In spite of the impression given by numerous reports in the news media, wild fish still exist in great numbers. The wild harvest from the ocean is now around 90 million tons a year. The many cycles and subcycles that spin and generate food are still spinning, sometimes with great vigor, and they require absolutely no input from us in order to continue, other than restraint. In cases where grounds have been seemingly tapped out, ten years’ rest has sometimes been enough to restore them to at least some of their former glory. World War II, while one of the most devastating periods in history for humans, might be called “The Great Reprieve” if history were written by fish. With mines and submarines ready to blow up any unsuspecting fishing vessel, much of the North Atlantic’s depleted fishing grounds were left fallow and fish increased their numbers significantly.
But is modern man capable of consciously creating restraint without some outside force, like war? Is there some wiser incarnation of the hunter-gatherer that will compel us to truly conserve our wild food, or is humanity actually hardwired to eradicate the wild majority and then domesticate a tiny subset? Can we not resist the urge to remake a wild system, to redirect the energy flow of that system in a way that serves us?
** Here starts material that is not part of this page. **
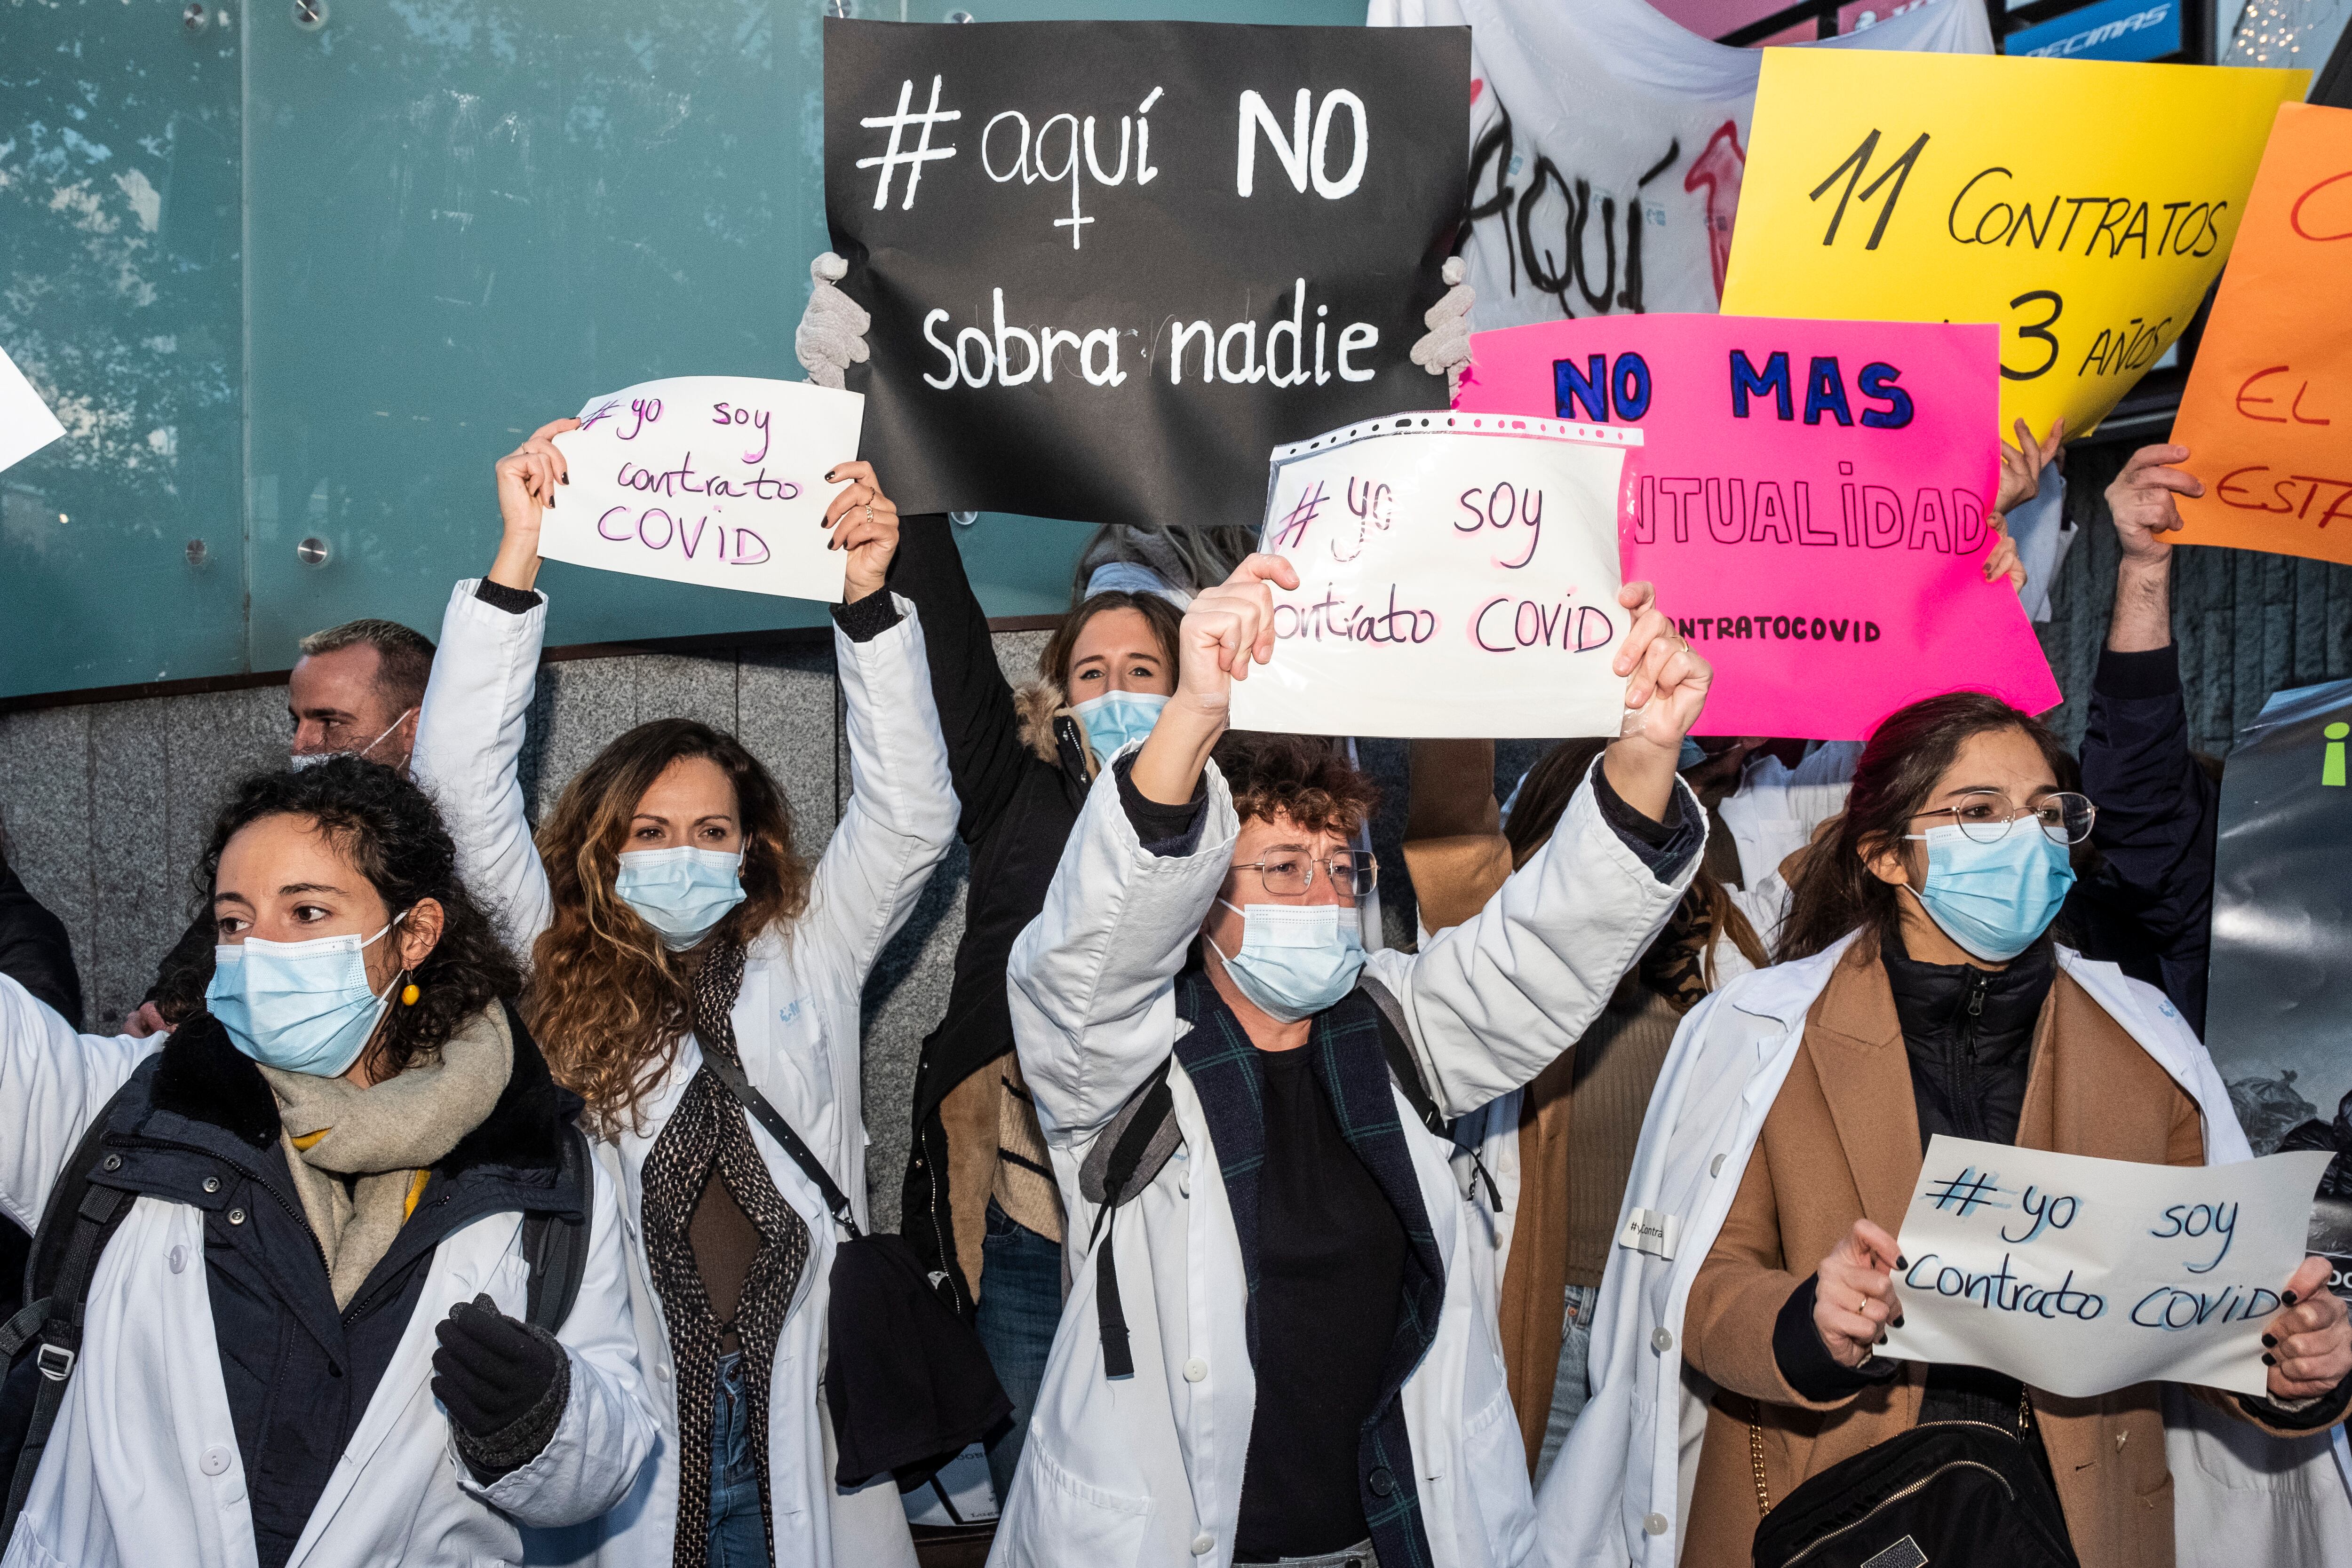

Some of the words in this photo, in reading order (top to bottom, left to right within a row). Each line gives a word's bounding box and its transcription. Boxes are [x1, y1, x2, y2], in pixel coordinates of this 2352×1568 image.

In his landmark 1968 essay in the journal Science
, “The Tragedy of the Commons,” the ecologist Garret Hardin noted that “natural selection favors the forces of psychological denial. The individual benefits as an individual from his ability to deny the truth even though society as a whole, of which he is a part, suffers.” What we have seen up until now, with both the exploitation of wild fish and the selection and propagation of domestic fish, is a wave of psychological denial of staggering scope. With wild fish we have chosen, time after time, to ignore the fundamental limits the laws of nature place on ecosystems and have consistently removed more fish than can be replaced by natural processes. When wild stocks become overexploited, we have turned to domestication. But the fish we have chosen to tame are by and large animals that satisfy whimsical gustatory predilections rather than the requirements of sound ecologically based husbandry. All these developments have gone on underwater and out of sight of the average modern seafood eater. We eat more fish every year, not just collectively but on a per capita basis, pausing only (and only briefly) when evidence surfaces of the risk of industrial contaminants in our seafood supply. Under the umbrella of these collective acts of denial, individual and corporate rights, national prejudices, and environmental activism have been cobbled together into something government officials like to call “ocean policy.” In fact, there is no “ocean policy” as such, at least none that looks at wild and domesticated fish as two components of a common future.
But now, as wild and domesticated fish reach a point where they are nearly equal parts of the marketplace, this is just the kind of ocean policy we need. And in telling the story of four fish, for which the collision of wildness and domestication is particularly relevant, I shall attempt to separate human wants from global needs and propose the terms for an equitable and long-lasting peace between man and fish.